Blending non-compete and NDA language can be dangerous. Some employers use a single "Confidentiality and Non-Competition Agreement" that mixes NDA provisions with non-compete provisions. In Nevada, if the non-compete portion is unenforceable because the employee earns below the threshold or is terminated without cause, a court may find that the entire agreement is tainted. Best practice is to maintain separate NDA and non-compete provisions, ideally in separate sections that are independently severable, so that a challenge to the non-compete does not automatically void the confidentiality protections.

Consideration for Post-Employment NDAs

When an existing employee is asked to sign an NDA covering post-employment disclosures of the employer's confidential information, Nevada courts require that the employee receive something of value beyond the right to continue their at-will employment. The following forms of consideration have been found adequate for post-employment NDAs in Nevada:

Arbitration Clauses in Nevada NDAs

Nevada strongly favors arbitration as an alternative dispute resolution mechanism. The Nevada Uniform Arbitration Act (NRS Chapter 38) and the Federal Arbitration Act (FAA) both provide a framework for enforcing arbitration clauses in Nevada NDAs and other commercial agreements. Nevada courts routinely enforce arbitration agreements in NDA disputes, sending NDA breach claims to arbitration rather than permitting court litigation.
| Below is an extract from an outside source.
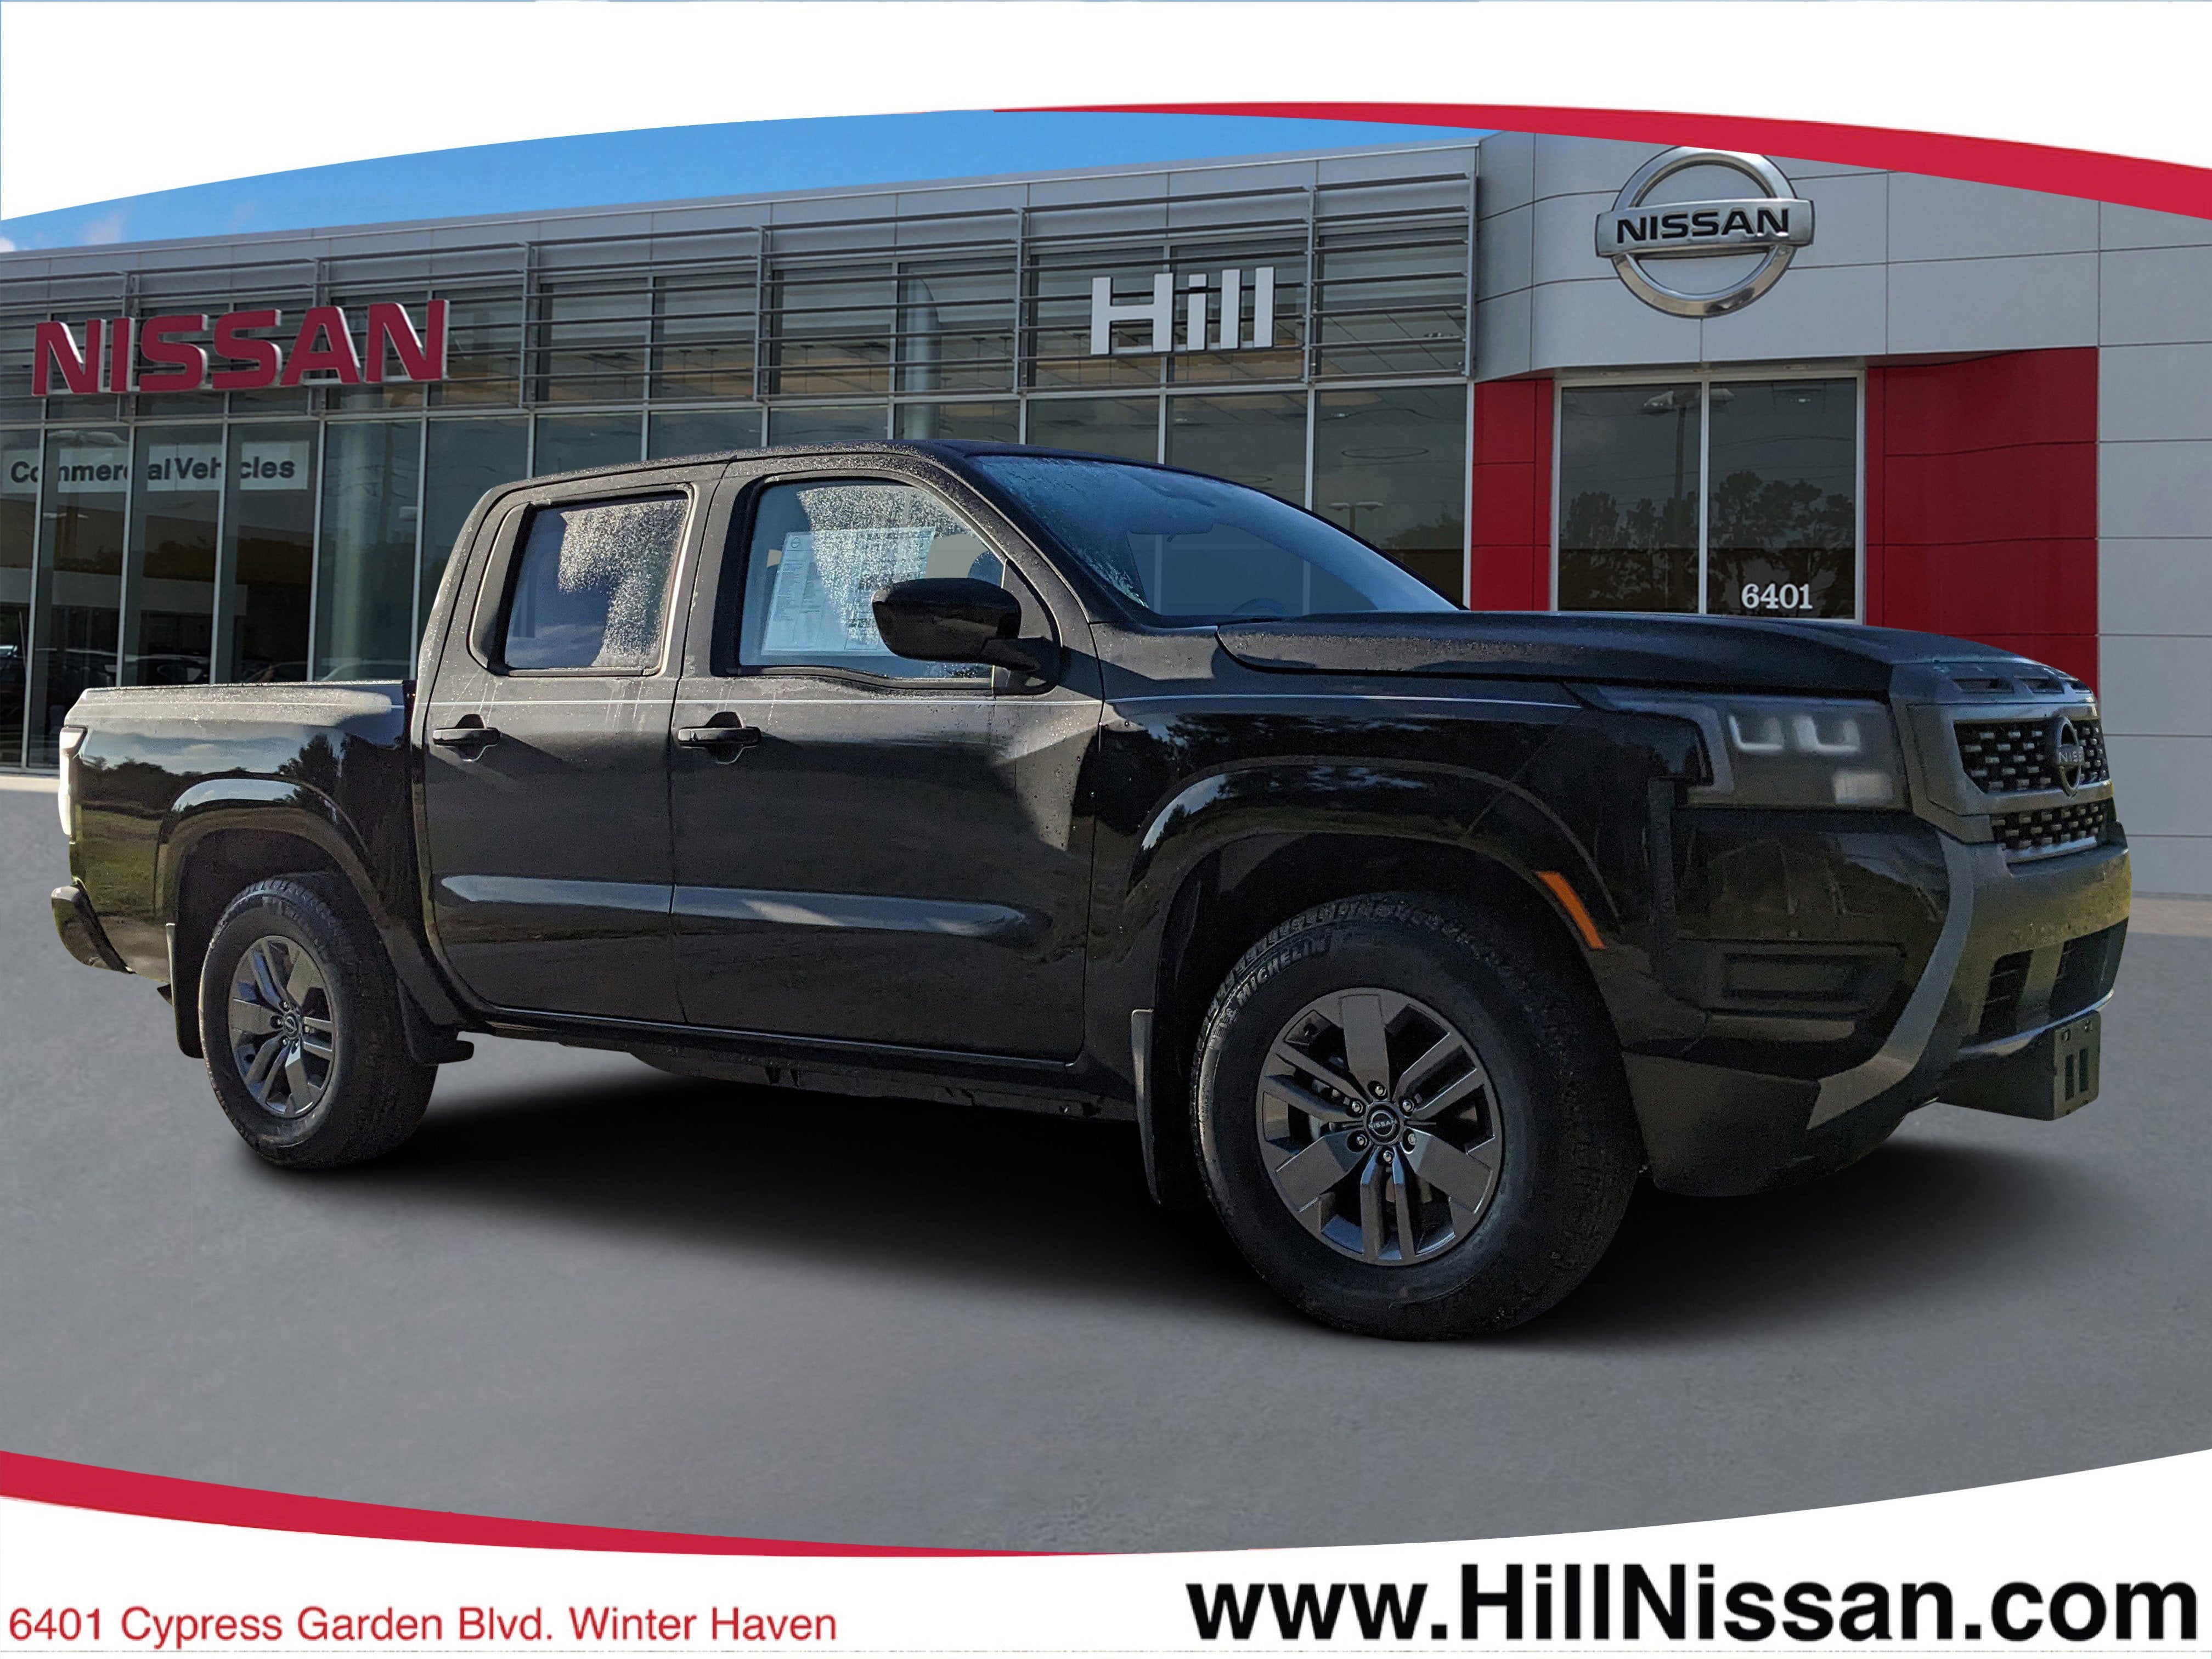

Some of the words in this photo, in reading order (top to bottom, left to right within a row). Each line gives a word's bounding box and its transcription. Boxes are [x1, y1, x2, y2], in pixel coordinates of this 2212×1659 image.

Including a well-drafted arbitration clause in a Nevada NDA offers several advantages: confidentiality (arbitration proceedings are generally private, unlike court proceedings); speed (arbitration typically resolves in months rather than years); and the ability to select an arbitrator with specific expertise in trade secret or technology law. For Nevada employers seeking to keep trade secret disputes out of the public record — which is particularly important for gaming technology, financial algorithms, and medical device companies — arbitration is the preferred dispute resolution mechanism.